Realizado o julgamento, foi proferido acórdão em 17 de Março de 2016,com a seguinte: “- Decisão Tudo visto, após deliberação, acordam os juízes que compõem o tribunal colectivo em:- Absolver o arguido AA da prática, em autoria material e na forma consumada e com dolo directo, de 1 (um) crime de actos sexuais com adolescentes, previsto e punido pelo art. 173, nºs 1 e 2 do Código Penal, com a agravação prevista na alínea b) do n.º1 do art. 177.º do mesmo diploma legal; - Alterar a qualificação jurídica dos factos descritos na acusação pública (por reporte aos vinte e dois crimes de abuso sexual, previsto e punidos pelos artigos 171, n.º1, com a agravação plasmada na alínea b) do n.º1 do art. 177.º do mesmo diploma legal), na medida em que foram provados, para a prática pelo arguido AA, em autoria material, na forma consumada e com dolo directo, de 1 (um) de um crime de abuso sexual de crianças, previsto e punido pelo art. 171, n.º1 do Código Penal, com a agravação consagrada na alínea b) do n.º1 do art. 177.º do mesmo diploma legal; - Condenar o arguido AA pela prática, em autoria material, na forma consumada e com dolo directo, de um crime de abuso sexual de crianças, previsto e punido pelo art. 171, n.º1 do Código Penal, com a agravação consagrada na alínea b) do n.º1 do art. 177.º do mesmo diploma legal, na pena de 6 (seis) anos de prisão; - Condenar o arguido no pagamento das custas criminais, fixando-se a taxa de justiça em 3 UC. (cf. artigos 513, n.º1 do Código de Processo Penal e 8, n.º9 do Regulamento das Custas Processuais e tabela III anexa a tal regulamento).
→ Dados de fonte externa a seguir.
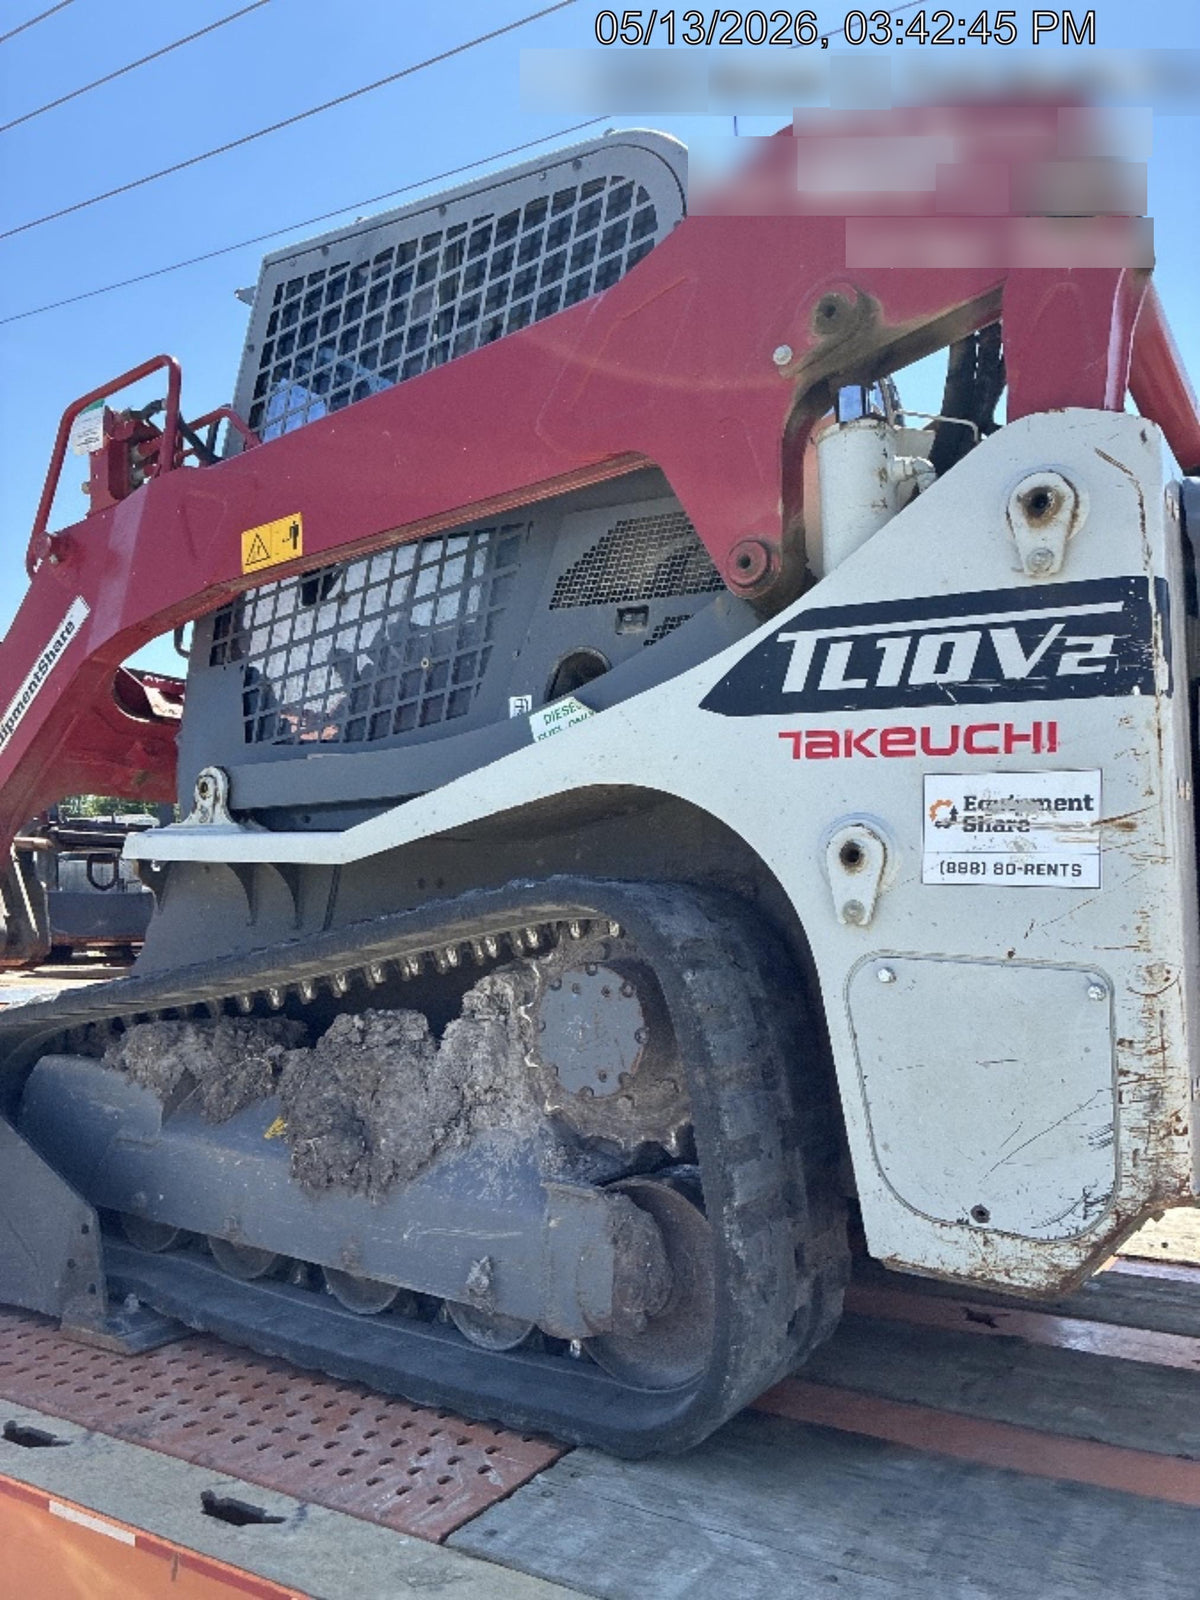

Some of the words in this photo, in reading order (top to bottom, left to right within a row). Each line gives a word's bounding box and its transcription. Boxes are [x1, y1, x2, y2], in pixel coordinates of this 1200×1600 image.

*** Mais decide o tribunal colectivo, julgar parcialmente procedente, por parcialmente provado, o pedido cível aduzido pela ofendida/demandante DD, através da sua legal representante e mãe EE, e, em consequência: - Condenar o demandado AA a pagar à ofendida/lesada DD, a título de compensação pelos danos não patrimoniais, a quantia de €7.500,00 (sete mil e quinhentos euros), acrescida de juros moratórios à taxa legal em vigor sobre o capital em dívida, contabilizados desde a data da presente decisão até integral e efectivo pagamento; - Absolver o demandado do mais peticionado pela demandante civil.
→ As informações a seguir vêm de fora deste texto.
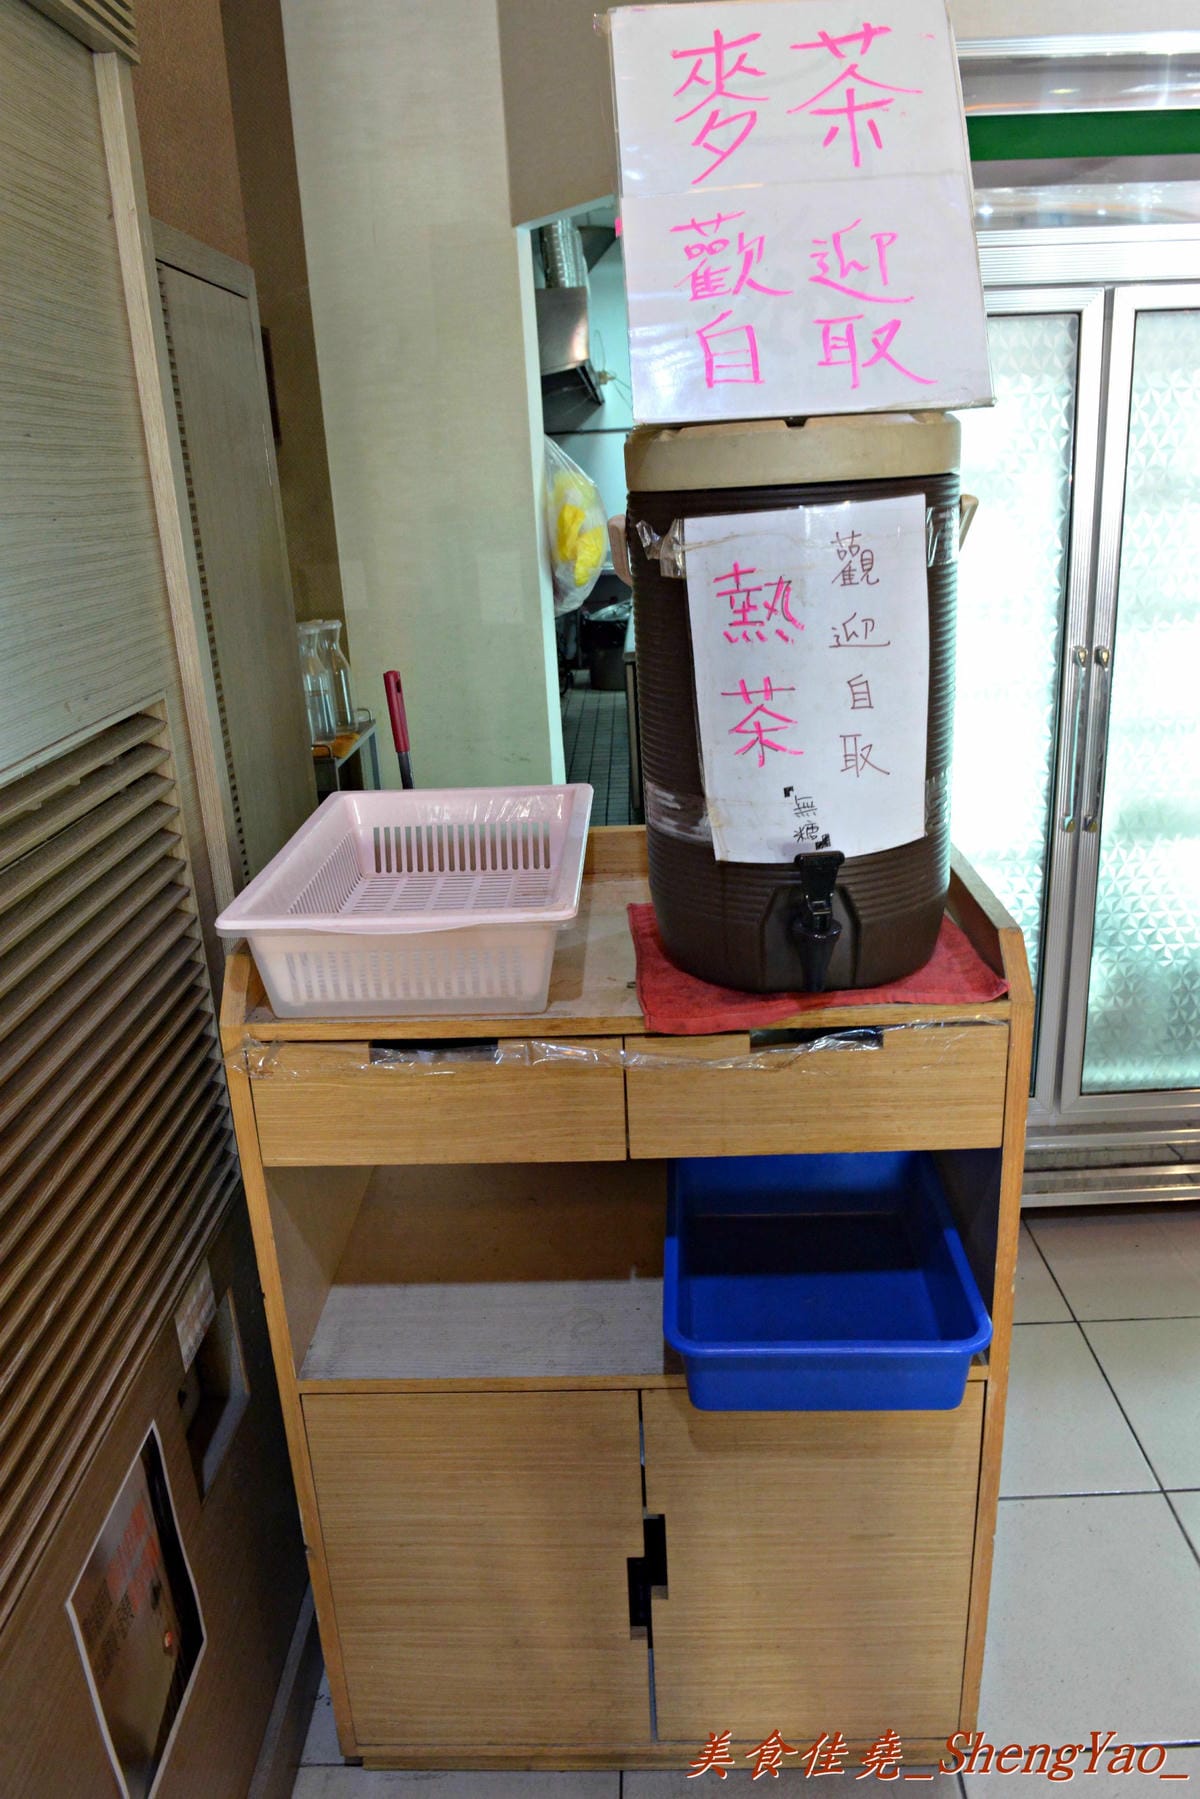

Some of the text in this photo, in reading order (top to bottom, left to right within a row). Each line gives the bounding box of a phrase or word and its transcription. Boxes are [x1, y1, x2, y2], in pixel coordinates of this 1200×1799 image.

[671, 21, 924, 186] 麥茶
[670, 210, 914, 304] 歡迎
[696, 309, 937, 389] 自取
[713, 561, 805, 768] 熱茶
*** As custas relativas ao pedido cível serão suportadas pelo demandado e pela demandante, na proporção do decaimento. (cf. art. 527, nºs 1 e 2 do Código de Processo Civil, aplicável ex vi do art. 523.º do Código de Processo Penal) *** Fixa-se o valor desta causa cível enxertada neste procedimento criminal nos €7.500,00 (sete mil e quinhentos euros), o qual corresponde à utilidade económica do pedido. (cf. artigos 296, n.º1, 297, n.º1 e 306, n.º 1 e 2 do Código de Processo Civil, aplicáveis ex vi do art. 4.º do Código de Processo Penal) *** Estatuto coactivo do arguido O arguido AA encontra-se, no âmbito deste processo, desde 04.08.2015, sujeito à medida de coacção de prisão preventiva. (cf. fls. 174 e ss.) Tal estatuto coactivo foi sendo revisto e mantido, nos prazos legais, tendo a última revisão ocorrido aos 03.03.2016.

[…] Pelo exposto e uma vez não existem motivos para se determinar a sua revogação ou substituição, decide-se que o arguido AA continuará a aguardar os ulteriores termos do processo sujeito à medida de coacção de prisão preventiva em que actualmente se encontra (arts. 191º, nº1; 193º, nº1; 202º, nº1, al. a); 204, alíneas a) e c); 213.º e 215.º, todos do Código de Processo Penal).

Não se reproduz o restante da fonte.